日本基础生物学研究所教授小林悟领导的研究小组发现,在雄性果蝇精巢前端的精原干细胞微环境中,存在一种特殊细胞,只有与它们邻近的原始生殖细胞,才能发育成精原干细胞,进而发展为精子。研究人员将这种特殊细胞称为“邻近细胞”。研究人员还发现,果蝇体内既存在使“邻近细胞”增多的基因――notch基因,也存在使“邻近细胞”减少的基因――EGFR基因。在通常状态下,这两种基因在精巢内“势均力敌”,从而保证制造出一定数量的“邻近细胞”和精原干细胞。
如果因为疾病等意外,原始生殖细胞数目显着减少,那么减少“邻近细胞”的EGFR基因就会受到遏制,而使“邻近细胞”增加的notch基因则更加积极地发挥作用,从而帮助原始生殖细胞发育成精原干细胞。这样,即使只利用少数原始生殖细胞也能制造出较充足的精原干细胞。但如果在原始生殖细胞显着减少的情况下,通过操作避免减少“邻近细胞”的EGFR基因受到遏制,精原干细胞的生成就会日益萎靡,从而导致不育。
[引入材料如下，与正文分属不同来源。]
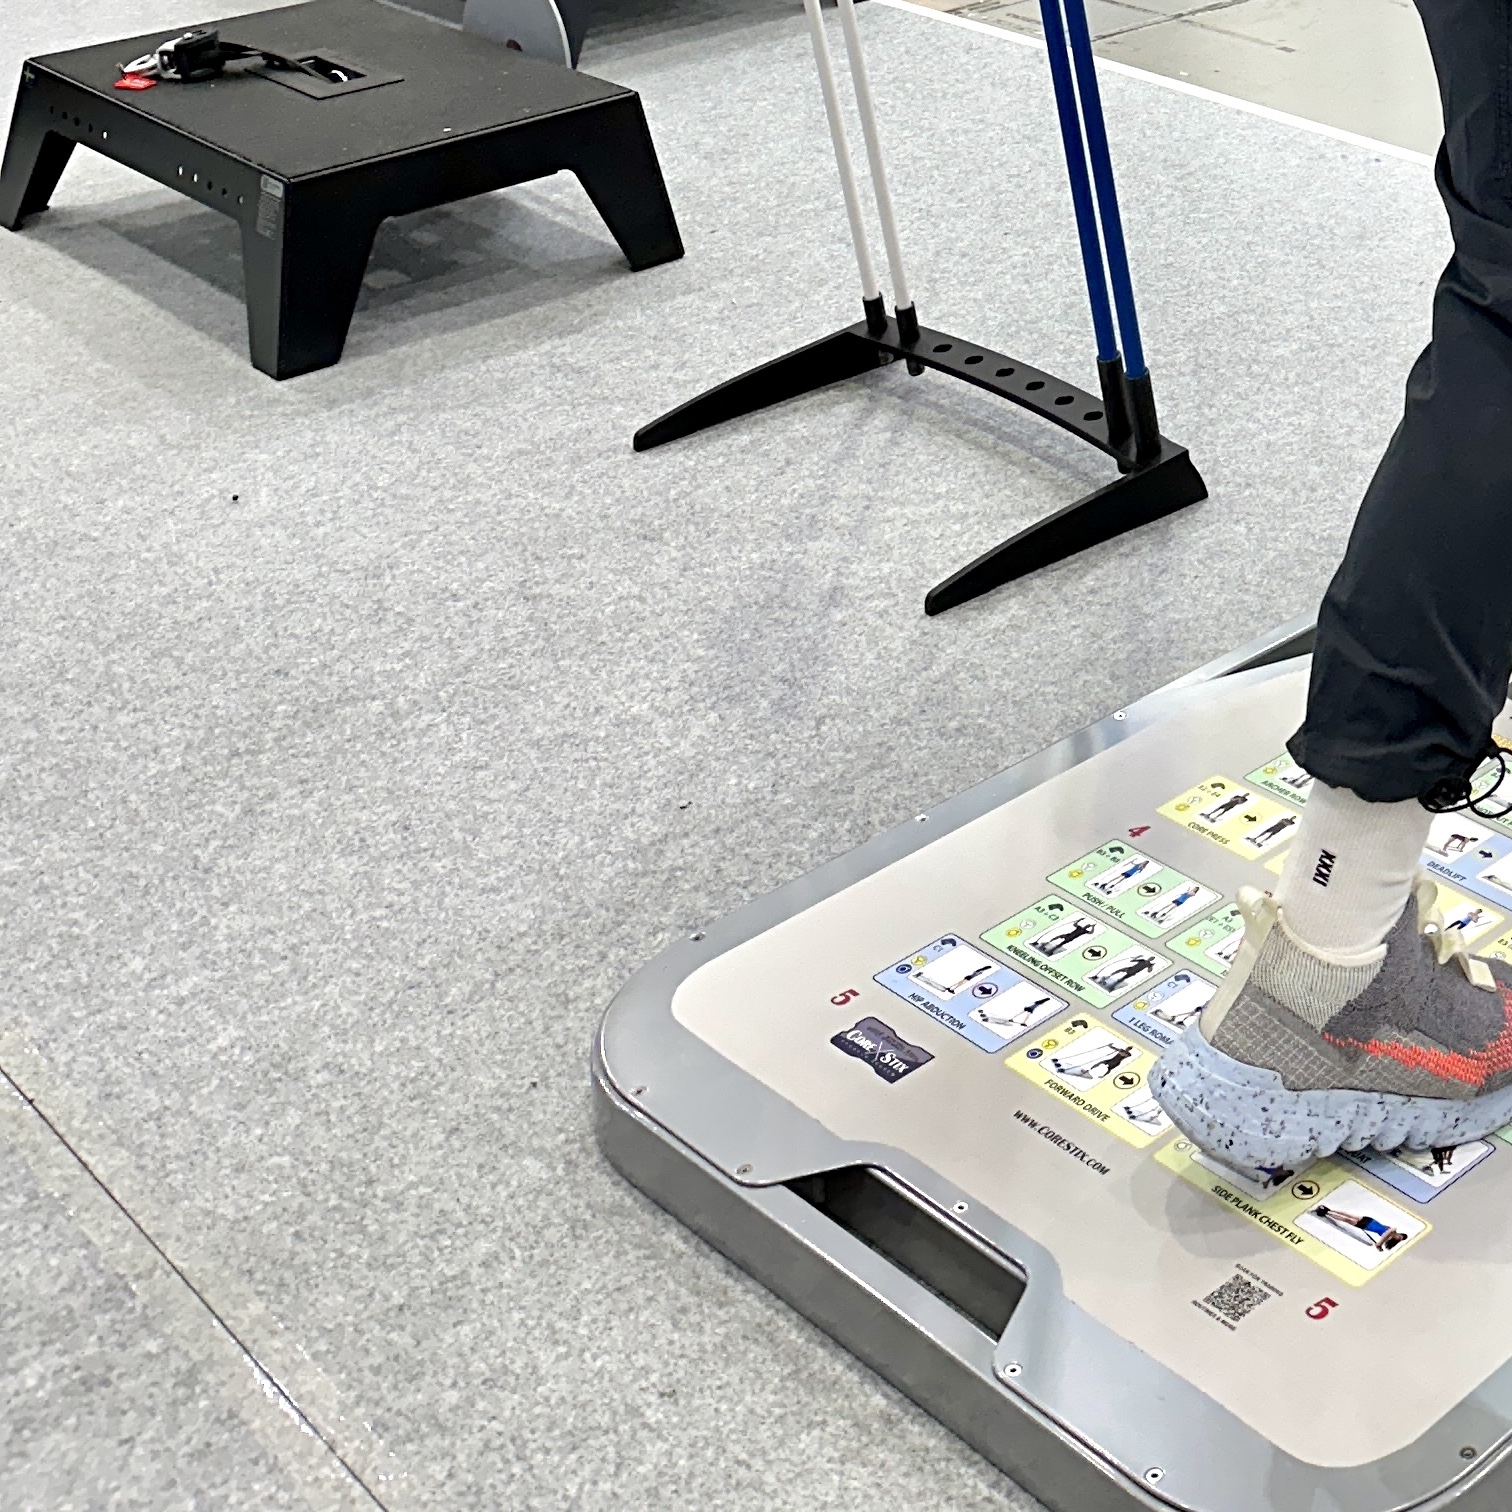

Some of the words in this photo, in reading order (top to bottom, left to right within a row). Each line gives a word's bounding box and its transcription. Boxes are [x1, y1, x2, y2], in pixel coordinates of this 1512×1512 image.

[1128, 825, 1151, 838] 4
[1426, 860, 1467, 883] DEADLIFT
[1082, 892, 1103, 907] PUSH
[1106, 904, 1126, 920] PULL
[1006, 944, 1039, 971] KNEELING
[1037, 963, 1066, 983] OFFSET
[1064, 977, 1086, 993] ROW
[831, 988, 860, 1006] 5
[908, 992, 924, 1006] HIP
[921, 1000, 967, 1032] ABDUCTION
[1133, 1019, 1150, 1034] LEG
[846, 1029, 876, 1053] CORE
[880, 1052, 910, 1074] STIX
[1043, 1078, 1084, 1108] FORWARD
[1082, 1102, 1111, 1123] DRIVE
[1211, 1185, 1233, 1202] SIDE
[1232, 1195, 1261, 1219] PLANK
[1258, 1214, 1288, 1236] CHEST
[1286, 1230, 1304, 1246] FLY
[1305, 1297, 1339, 1321] 5
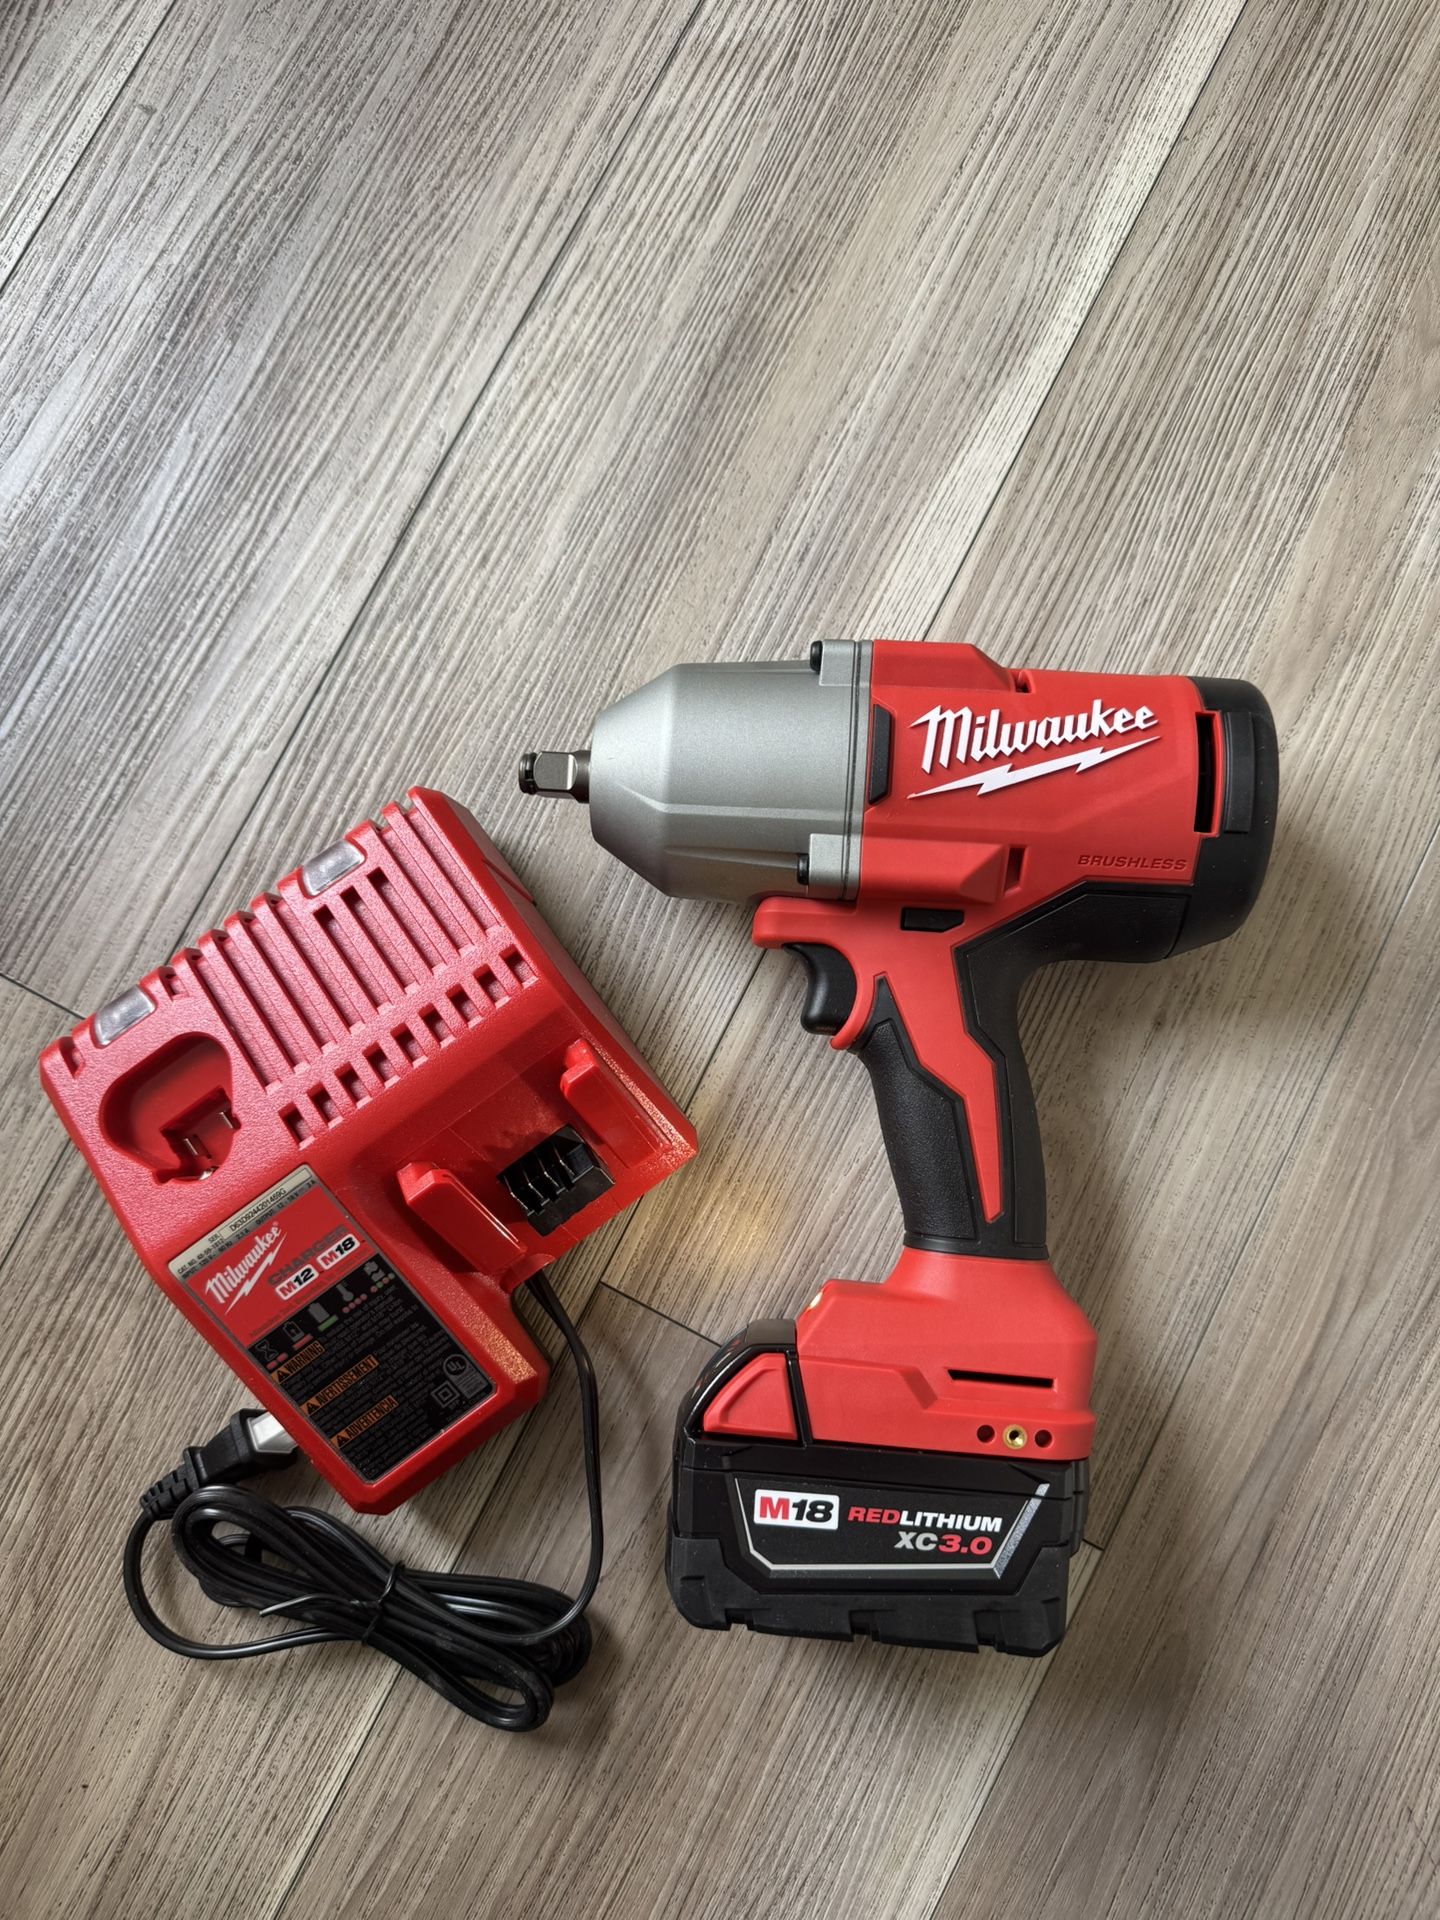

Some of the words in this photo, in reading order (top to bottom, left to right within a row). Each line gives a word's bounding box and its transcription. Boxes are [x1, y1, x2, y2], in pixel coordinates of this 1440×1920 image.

[908, 699, 1159, 774] Milwaukee
[1077, 854, 1188, 871] BRUSHLESS
[205, 1226, 282, 1304] Milwaukee
[268, 1224, 348, 1286] CHARGER
[279, 1268, 315, 1298] M12
[321, 1237, 356, 1266] M18
[285, 1342, 324, 1376] WARNING
[317, 1357, 377, 1406] AVERTISSEMENT
[346, 1396, 398, 1440] ADVERTENCIA
[759, 1496, 835, 1523] M18
[894, 1531, 992, 1555] XC3.0
此次研究揭示了果蝇体内存在巧妙的调节机制,在其原始生殖细胞数目出现异常的情况下,也能避免不育。研究人员认为,这一研究可能有助于揭示其他动物避免不育的机制,为研究精巢以外器官中的干细胞及其“邻近细胞”间的调节机制提供线索,并有望给人类不育疗法研究提供新思路。该研究成果将刊登在本周的美国《国家科学院学报》(PNAS)网络版上(蓝建中)。
推荐原文出处:
PNAS doi: 10.1073/pnas.1003462107
Notch and Egfr signaling act antagonistically to regulate germ-line stem cell niche formation in Drosophila male embryonic gonads
Yu Kitadatea,b and Satoru Kobayashia,b,1
a Okazaki Institute for Integrative Bioscience, National Institute for Basic Biology, National Institutes of Natural Sciences, Higashiyama, Myodaiji, Okazaki 444-8787, Japan; and
b Department of Basic Biology, School of Life Science, Graduate University for Advanced Studies, Nishigonaka, Myodaiji, Okazaki 444-8585, Japan
Germ-line stem cells (GSCs) are maintained by the somatic microenvironment, or GSC niche, which ensures that GSCs can both self-renew and produce functional gametes. However, it remains unclear how the proper niche size and location are regulated within the developing gonads. In the Drosophila testis, the hub cells that form the GSC niche are derived from a subset of somatic gonadal precursors (SGPs) in the anterior portion of the embryonic gonad. Here we show that Notch signaling induces hub differentiation. Notch is activated in almost all SGPs in the male embryonic gonad, but Epidermal growth factor receptor (Egfr) is activated in posterior SGPs to repress hub differentiation, thereby restricting the expansion of hub differentiation in the embryonic gonad. We further show that Egfr is activated in posterior SGPs by Spitz ligand secreted from primordial germ cells (PGCs), whereas the Notch ligand Serrate is expressed in SGPs. This suggests that varying the number of PGCs alters niche size. Indeed, a decrease in the number of PGCs causes ectopic hub differentiation, which consequently increases their opportunity to recruit PGCs as GSCs. When ectopic hub differentiation is repressed, the decreased number of PGCs fails to become GSCs. Thus, we propose that SGPs sense PGC number via signals from PGCs to SGPs that modulate niche size, and that this serves as a mechanism for securing GSCs.